▶ Task description
Extract all lines in the data that contain the word "BANK".

▶ Text-to-region grounding data
★ ★ ★ ★ ★

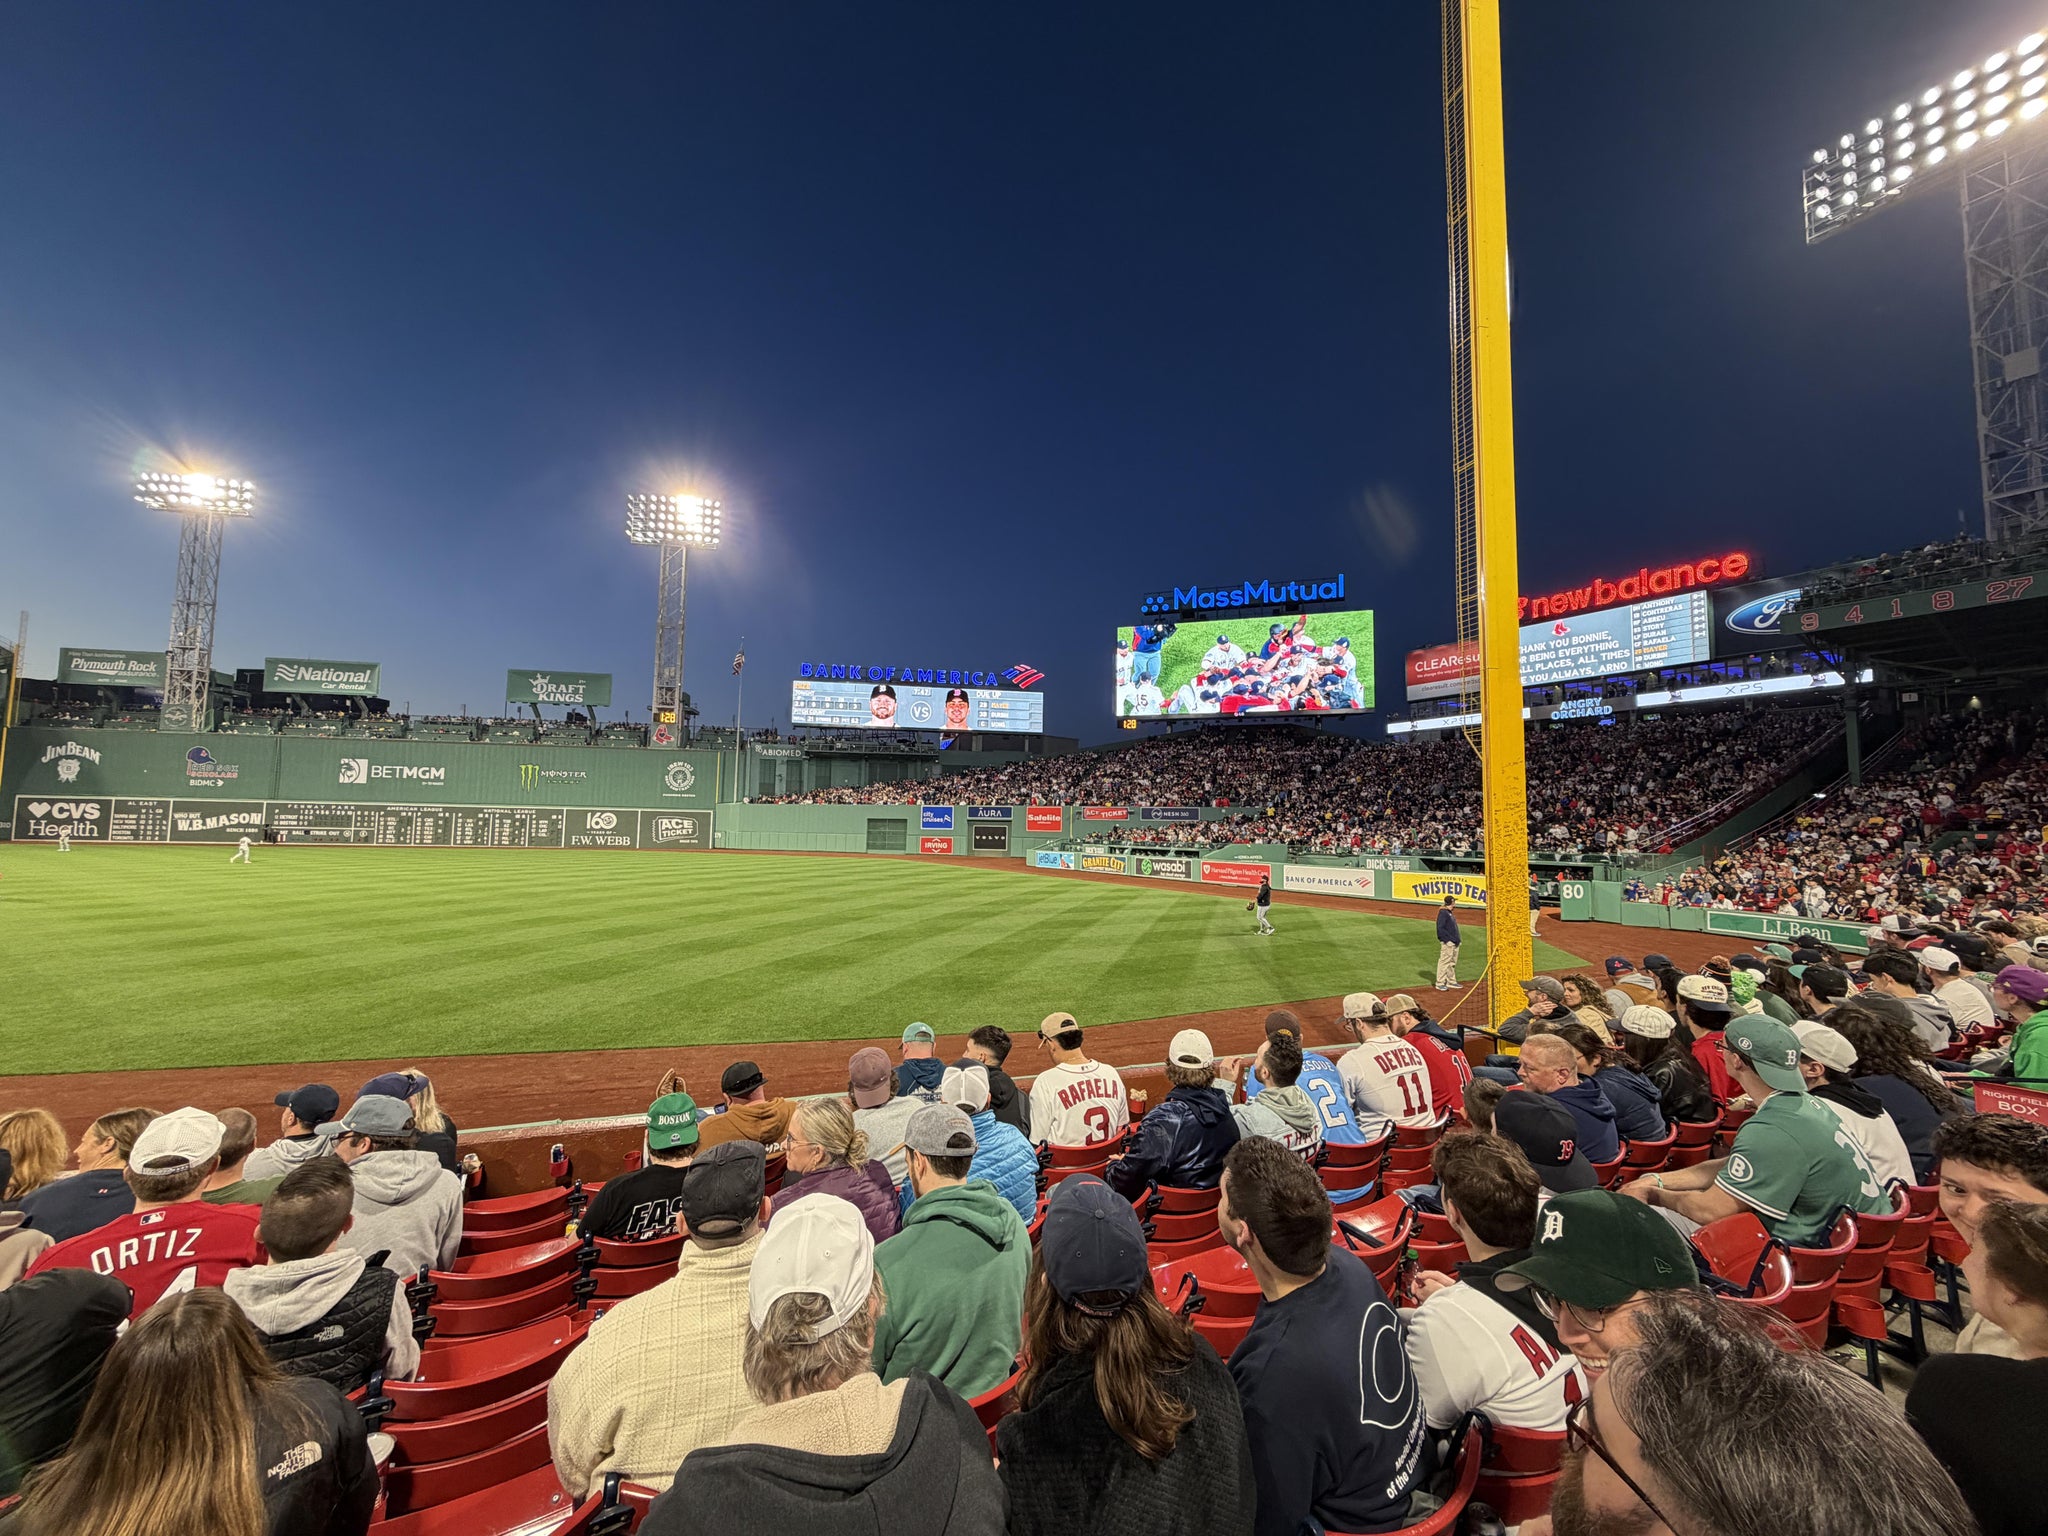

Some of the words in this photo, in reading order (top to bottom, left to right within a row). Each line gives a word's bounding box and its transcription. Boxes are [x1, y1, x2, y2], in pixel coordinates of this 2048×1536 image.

[1174, 574, 1345, 610] MassMutual
[1531, 586, 1592, 618] new
[1592, 552, 1750, 607] balance
[1801, 613, 1819, 631] 9
[1844, 606, 1863, 624] 4
[1891, 599, 1903, 617] 1
[1931, 591, 1954, 611] 8
[1986, 577, 2033, 603] 27
[1642, 622, 1665, 632] STORY
[1519, 643, 1549, 655] HANK
[1549, 638, 1572, 649] YOU
[1572, 631, 1613, 644] BONNIE,
[1530, 651, 1556, 661] BEING
[1558, 641, 1619, 658] EVERYTHING
[71, 658, 125, 672] Plymouth
[128, 661, 158, 672] Rock
[1415, 653, 1480, 673] CLEAResu
[1535, 659, 1575, 672] PLACES,
[1577, 656, 1599, 666] ALL
[1602, 650, 1631, 661] TIMES
[800, 662, 862, 680] BANK
[868, 666, 896, 682] OF
[901, 667, 998, 687] AMERICA
[1530, 673, 1549, 684] YOU
[1550, 667, 1595, 682] ALWAYS,
[1599, 662, 1628, 673] ARNO
[338, 683, 367, 691] Rental
[532, 683, 587, 694] DRAFT
[1725, 682, 1763, 695] XPS
[538, 692, 583, 703] KINGS
[1559, 697, 1603, 711] ANGRY
[913, 706, 929, 718] VS
[1551, 705, 1613, 720] ORCHARD
[41, 745, 66, 763] JIM
[66, 742, 103, 765] BEAM
[191, 764, 215, 773] RED
[217, 764, 240, 773] SOX
[371, 765, 446, 780] BETMGM
[190, 779, 216, 787] BIDMC
[51, 803, 101, 820] CVS
[1027, 814, 1061, 822] Safelite
[1101, 810, 1128, 818] TICKET
[586, 812, 618, 830] 160
[661, 818, 693, 829] ACE
[571, 836, 593, 846] F.W.
[595, 836, 631, 846] WEBB
[662, 829, 694, 838] TICKET
[1082, 857, 1110, 868] GRANITE
[1110, 859, 1126, 873] CITY
[1152, 861, 1186, 873] wasabi
[1366, 858, 1393, 870] DICK'S
[1285, 875, 1305, 884] BANK
[1306, 877, 1316, 885] OF
[1317, 878, 1353, 887] AMERICA
[1412, 880, 1463, 898] TWISTED
[1464, 884, 1487, 903] TEA
[1563, 884, 1584, 899] 80
[1301, 1058, 1335, 1072] ESQUE
[1374, 1048, 1422, 1074] DEVERS
[1785, 1050, 1797, 1066] B
[1057, 1078, 1118, 1111] RAFAELA
[1307, 1077, 1348, 1128] 2
[1396, 1072, 1428, 1118] 11
[1983, 1090, 2019, 1101] RIGHT
[1998, 1101, 2040, 1118] BOX
[658, 1111, 691, 1125] BOSTON
[1083, 1106, 1110, 1145] 3
[1557, 1139, 1574, 1160] B
[1732, 1160, 1745, 1176] B
[1541, 1209, 1563, 1244] D
[90, 1228, 204, 1276] ORTIZ
[283, 1443, 304, 1458] THE
[267, 1452, 305, 1478] NORTH
[279, 1461, 305, 1480] FACE
[1387, 1480, 1398, 1500] of
[1395, 1470, 1409, 1491] the

★ ★ ★ ★ ★

▶ Completed exercise
[800, 662, 862, 680] BANK
[1285, 875, 1305, 884] BANK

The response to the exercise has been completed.